The obligations of American under the Credit Facilities are secured by liens on certain route authorities, slots and foreign gate leaseholds utilized by American in providing its scheduled air carrier services between the United States and South American countries, including, but not limited to, Argentina, Bolivia, Brazil, Chile, Colombia, Ecuador, Paraguay, Peru, Uruguay and Venezuela (the “Collateral”). American has the ability to add certain types of assets to the Collateral and, subject to certain conditions, release Collateral, in each case from time to time at its discretion.
The Credit Facilities require American to periodically appraise the value of the Collateral and calculate the collateral coverage ratio.  If the calculated collateral coverage ratio is below 1.6 to 1.0, American may be required either to provide additional Collateral (which may include cash collateral) to secure its obligations under the Credit Facilities or repay the loans under the Credit Facilities or certain other indebtedness, in such amounts that the recalculated collateral coverage ratio, after giving effect to any such additional collateral or repayment, is at least 1.6 to 1.0.
The Credit Facilities also include affirmative, negative and financial covenants that, among other things, limit the ability of AMR and its restricted subsidiaries to pay dividends and make certain other payments, make certain investments, incur additional indebtedness, incur liens on the Collateral, dispose of the Collateral, enter into certain affiliate transactions and engage in certain business activities, in each case subject to certain exceptions. In addition, under the Credit Facilities, AMR must maintain a minimum aggregate liquidity of $1.5 billion prior to the Merger and $2.0 billion on and following the Merger.
The Credit Facilities contain events of default customary for similar financings, including cross-acceleration to other material indebtedness. Upon the occurrence of an event of default, the outstanding obligations under the Credit Facilities may be accelerated and become due and payable immediately.

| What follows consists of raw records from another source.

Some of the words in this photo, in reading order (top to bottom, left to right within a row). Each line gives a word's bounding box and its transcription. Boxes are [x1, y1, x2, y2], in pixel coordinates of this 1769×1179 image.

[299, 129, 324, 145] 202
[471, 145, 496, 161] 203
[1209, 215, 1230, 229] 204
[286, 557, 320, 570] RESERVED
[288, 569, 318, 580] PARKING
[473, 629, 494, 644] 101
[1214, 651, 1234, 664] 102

American and AMR have a number of other commercial relationships with the lenders and other parties to the Credit Agreement. From time to time, several of such lenders and parties or their affiliates perform investment banking and advisory services for, and furnish general financing and banking services to, American, AMR and their affiliates. In connection with the Credit Facilities, Rothschild, Inc. acted as financial advisor to AMR, and Moelis & Company acted as financial advisor to the Official Committee of Unsecured Creditors in the Chapter 11 Cases.

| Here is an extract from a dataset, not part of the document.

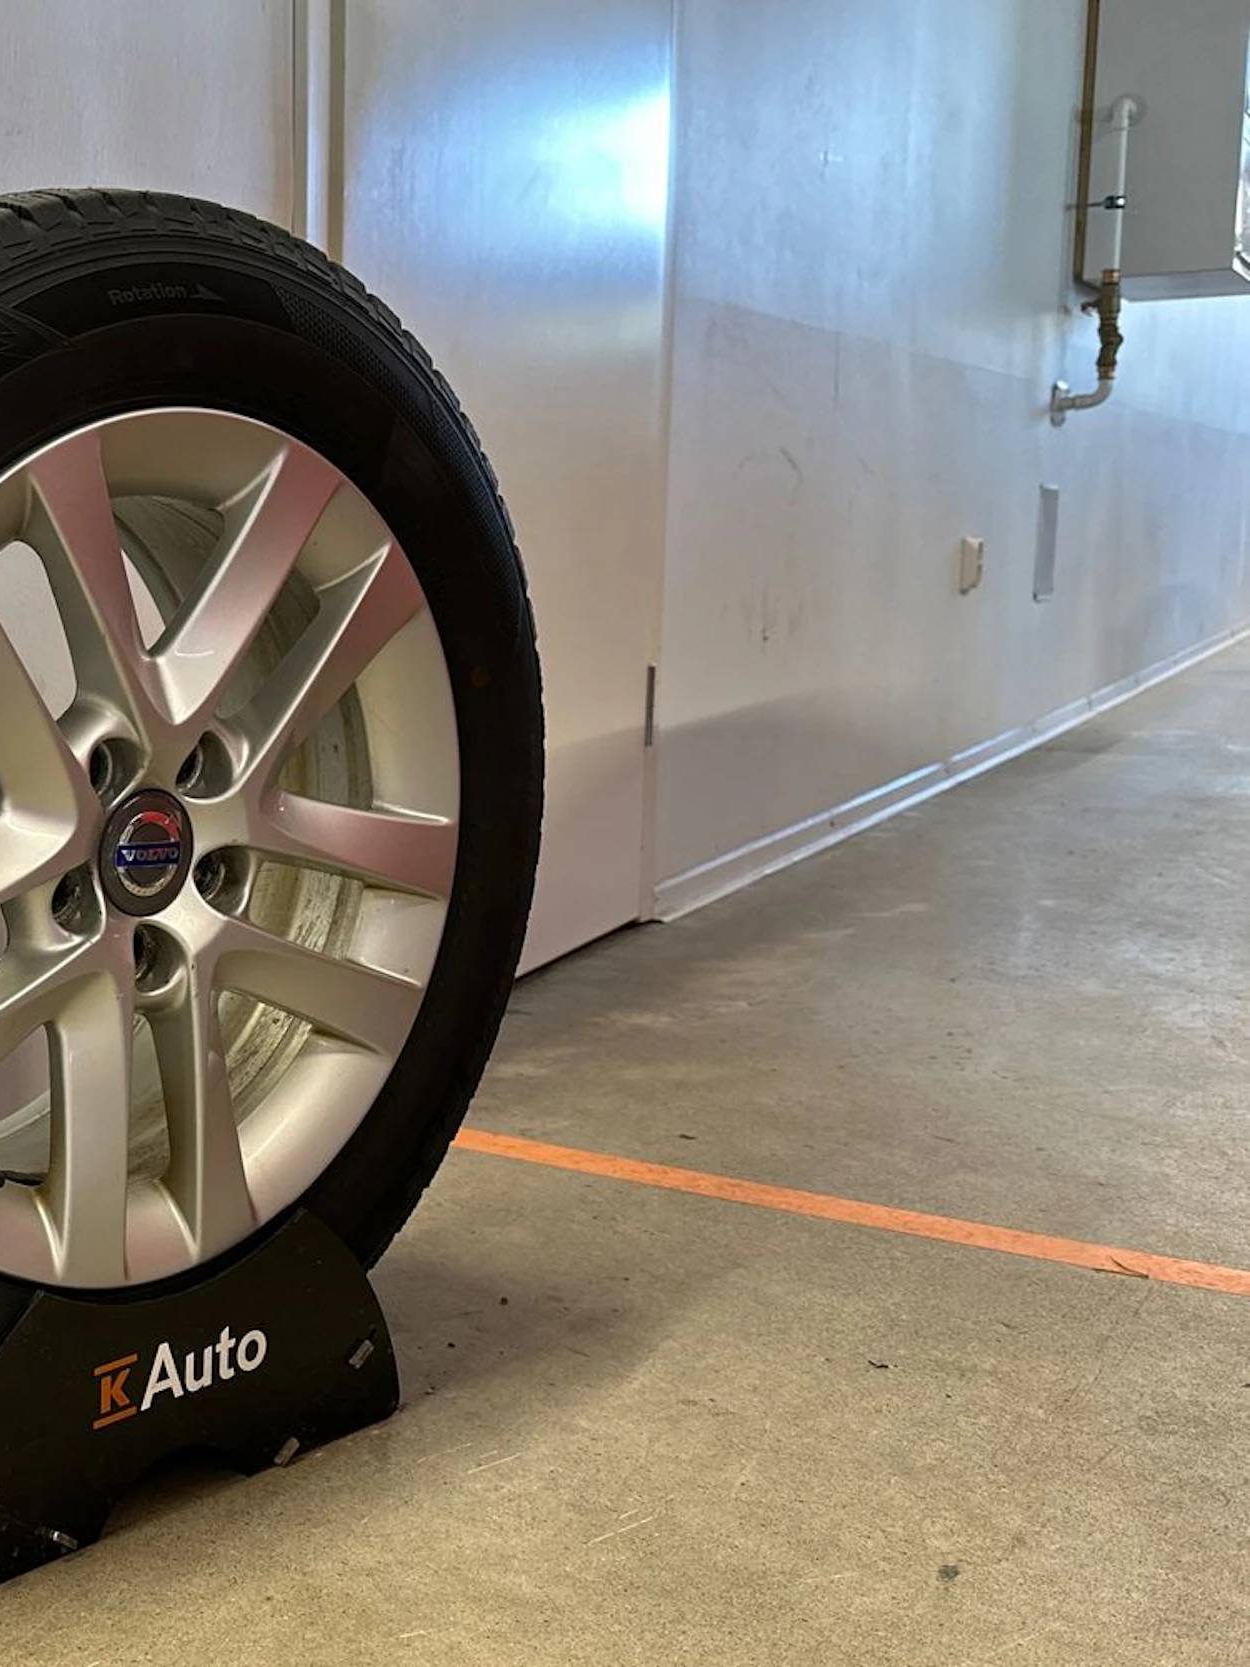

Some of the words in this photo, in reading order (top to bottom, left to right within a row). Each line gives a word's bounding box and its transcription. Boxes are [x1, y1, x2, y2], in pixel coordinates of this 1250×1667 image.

[107, 282, 188, 305] Rotation
[121, 847, 178, 862] VOLVO
[140, 1326, 268, 1411] Auto

Item 2.03  Creation of a Direct Financial Obligation or an Obligation under an Off-Balance Sheet Arrangement of a Registrant.

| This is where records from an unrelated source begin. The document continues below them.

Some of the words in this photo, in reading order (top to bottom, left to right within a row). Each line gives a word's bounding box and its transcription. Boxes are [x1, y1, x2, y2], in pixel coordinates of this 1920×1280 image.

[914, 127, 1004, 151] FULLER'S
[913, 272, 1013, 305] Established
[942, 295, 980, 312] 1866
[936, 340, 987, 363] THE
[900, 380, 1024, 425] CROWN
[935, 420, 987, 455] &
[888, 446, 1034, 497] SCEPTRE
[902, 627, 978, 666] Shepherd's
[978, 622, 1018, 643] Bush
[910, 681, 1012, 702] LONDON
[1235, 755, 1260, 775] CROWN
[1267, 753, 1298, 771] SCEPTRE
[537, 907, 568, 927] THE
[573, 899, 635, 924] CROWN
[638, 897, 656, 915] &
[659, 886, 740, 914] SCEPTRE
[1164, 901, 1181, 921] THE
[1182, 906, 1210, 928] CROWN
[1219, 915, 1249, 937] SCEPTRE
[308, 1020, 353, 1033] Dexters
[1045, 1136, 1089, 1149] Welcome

The information provided in Item 1.01 of this Form 8-K is hereby incorporated by reference into this Item 2.03.
Cautionary Statement Regarding Forward-Looking Statements
This document includes forward-looking statements within the meaning of the Private Securities Litigation Reform Act of 1995. These forward-looking statements may be identified by words such as “may,” “will,” “expect,” “intend,” “anticipate,” “believe,” “estimate,” “plan,” “project,” “could,” “should,” “would,” “continue,” “seek,” “target,” “guidance,” “outlook,” “forecast” and other similar words. These forward-looking statements are based on AMR's and US Airways' current objectives, beliefs and expectations, and they are subject to significant risks and uncertainties that may cause actual results and financial position and timing of certain events to differ materially from the information in the forward-looking statements. The following factors, among others, could cause actual results and financial position and timing of certain events to differ materially from those described in the forward-looking statements: the challenges and costs of the proposed transaction, including integrating operations and achieving anticipated synergies; the price of, market for and potential market price volatility of common stock of the ultimate parent entity following the closing of the proposed transaction; significant liquidity requirements and substantial levels of indebtedness of the combined company following the closing; potential limitations on the use of certain tax attributes following the closing; failure of the proposed transaction to be completed; and other economic, business, competitive, and/or regulatory factors affecting the business of the combined company after the closing and the businesses of US Airways and AMR generally, including those set forth in the filings of US Airways and AMR with the SEC, especially in the “Risk Factors” and “Management's Discussion and Analysis of Financial Condition and Results of Operations” sections of their respective annual reports on Form 10-K and quarterly reports on Form 10-Q, their current reports on Form 8-K and other SEC filings, including the registration statement and the proxy statement/prospectus related to the proposed transaction. Any forward-looking statements speak only as of the date hereof or as of the dates indicated in the statements. Neither AMR nor US Airways assumes any obligation to publicly update or supplement any forward-looking statement to reflect actual results, changes in assumptions or changes in other factors affecting these forward-looking statements except as required by law.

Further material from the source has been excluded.